Exercise aim: The expected response is an exact repetition of every record, with images excluded.

Records from a data collection:
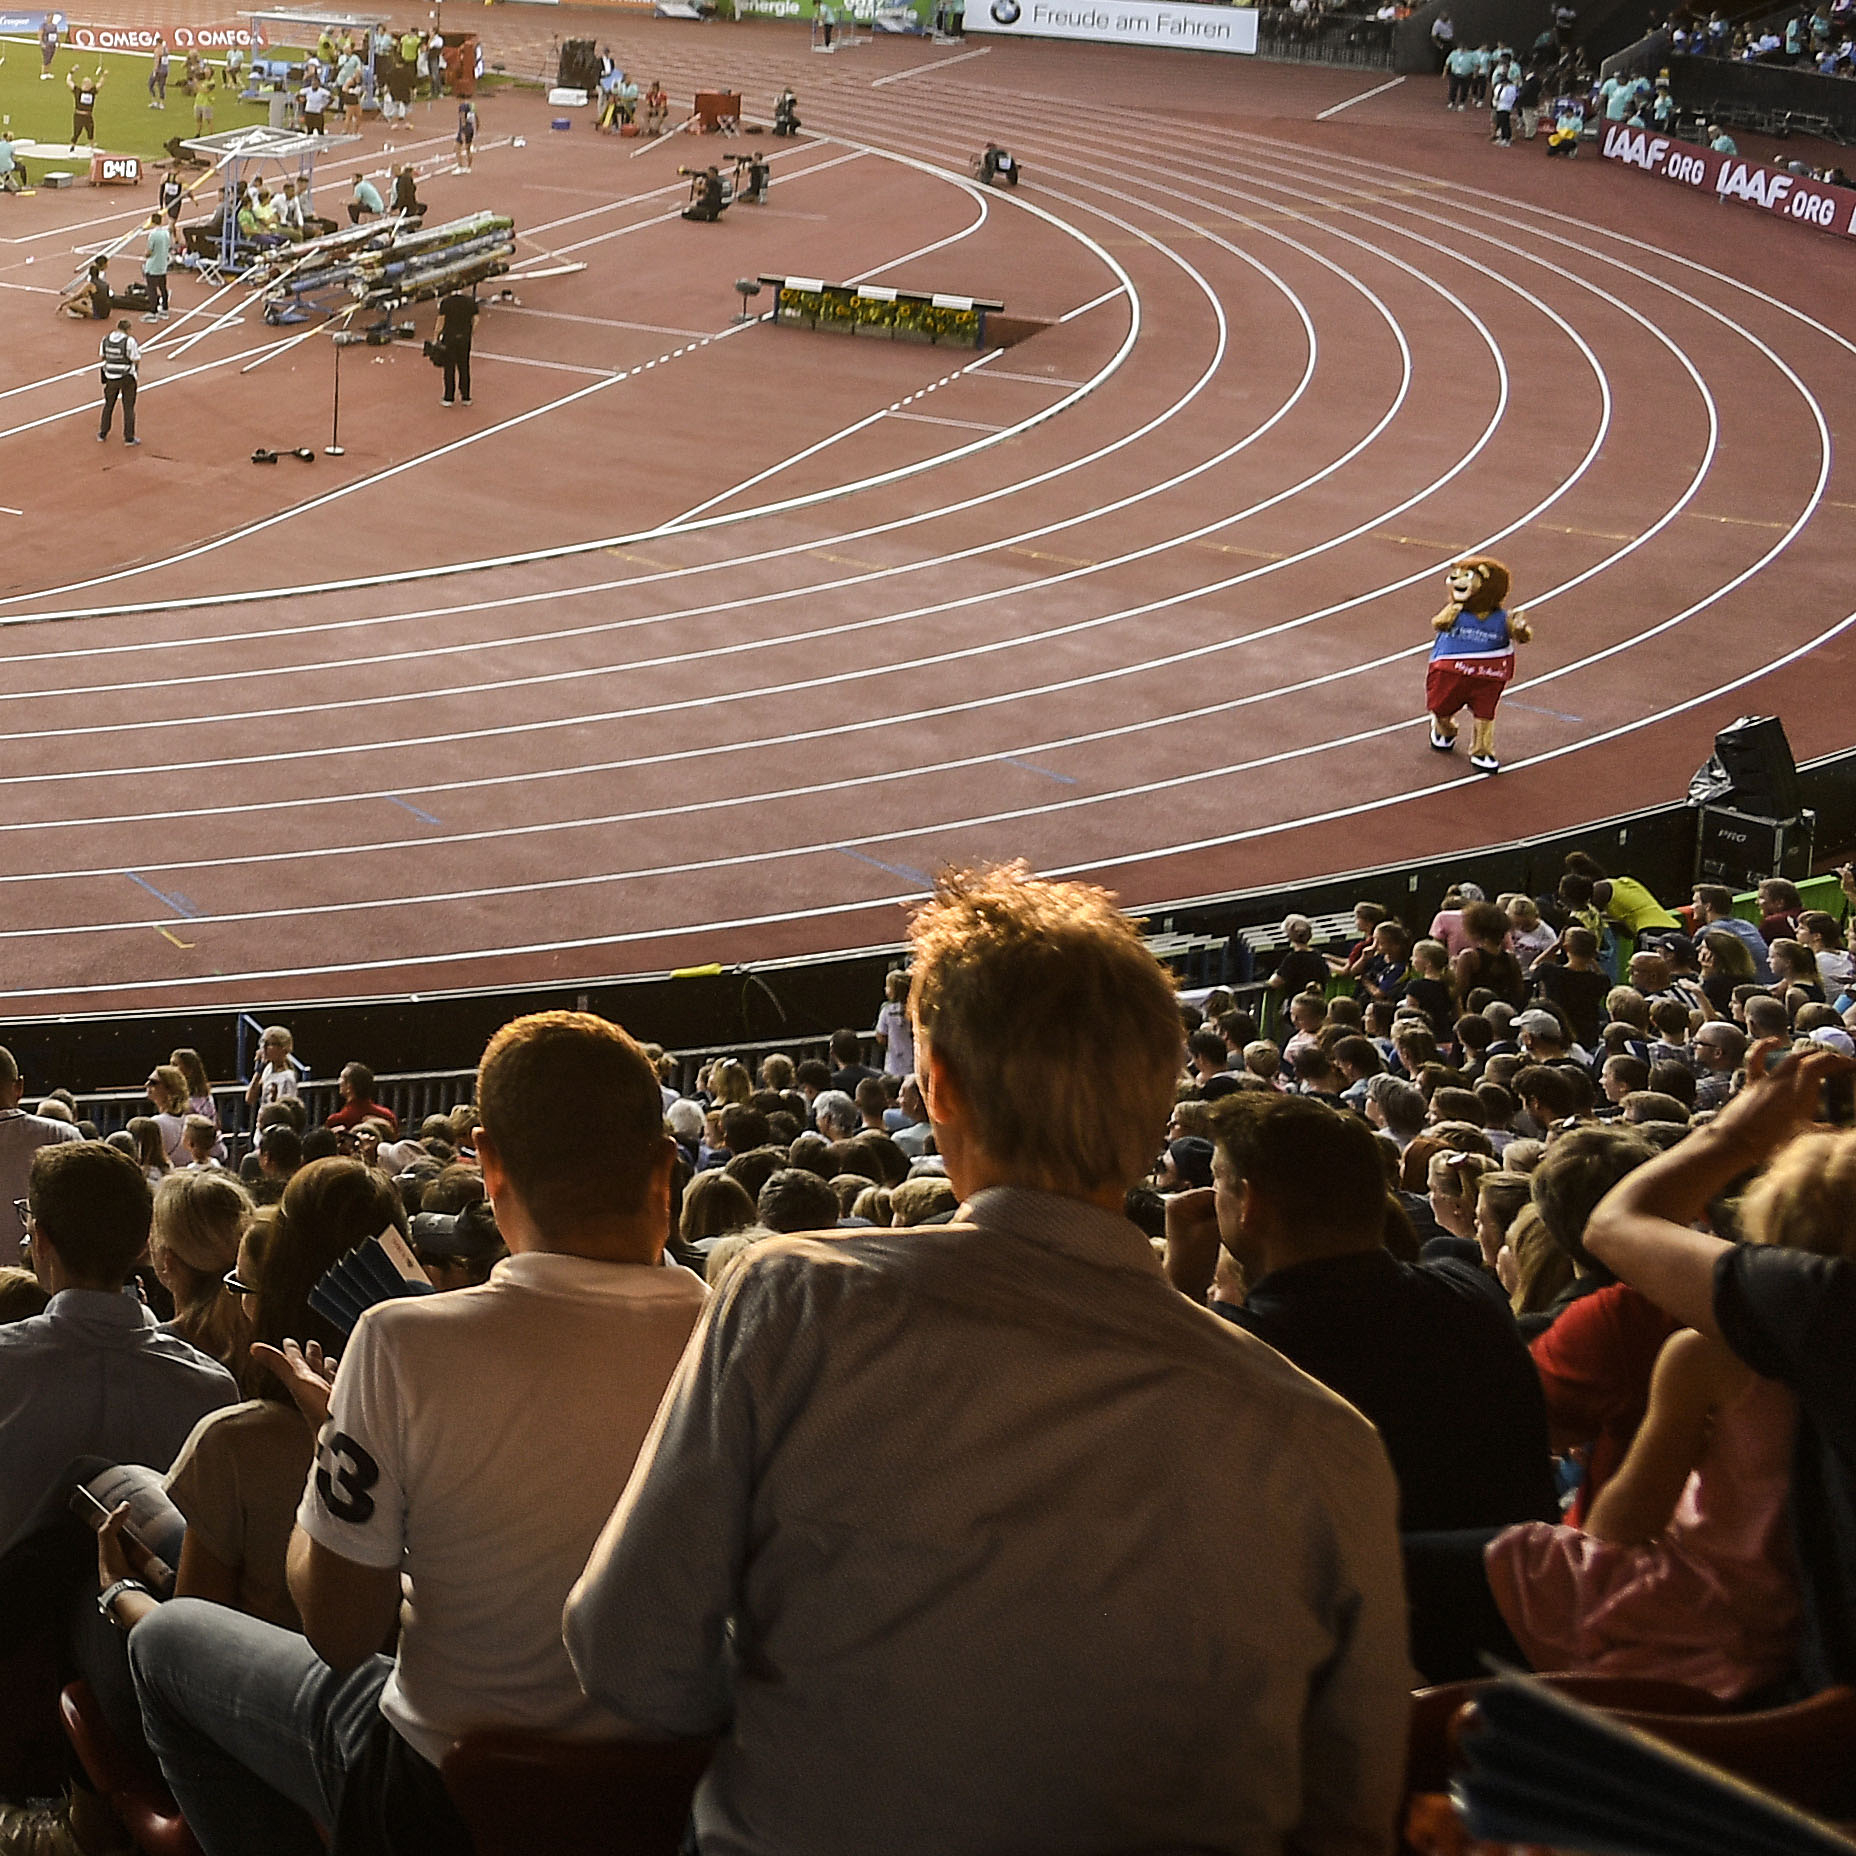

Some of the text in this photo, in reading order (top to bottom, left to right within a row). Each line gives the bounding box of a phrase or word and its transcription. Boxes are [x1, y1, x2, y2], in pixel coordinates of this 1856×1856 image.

[1032, 4, 1231, 40] Freude am Fahren
[1603, 124, 1705, 186] IAAF.ORG
[1716, 159, 1836, 226] IAAF.ORG
[316, 1431, 380, 1523] 3

Answer to the exercise:
Some of the text in this photo, in reading order (top to bottom, left to right within a row). Each line gives the bounding box of a phrase or word and its transcription. Boxes are [x1, y1, x2, y2], in pixel coordinates of this 1856×1856 image.

[1032, 4, 1231, 40] Freude am Fahren
[1603, 124, 1705, 186] IAAF.ORG
[1716, 159, 1836, 226] IAAF.ORG
[316, 1431, 380, 1523] 3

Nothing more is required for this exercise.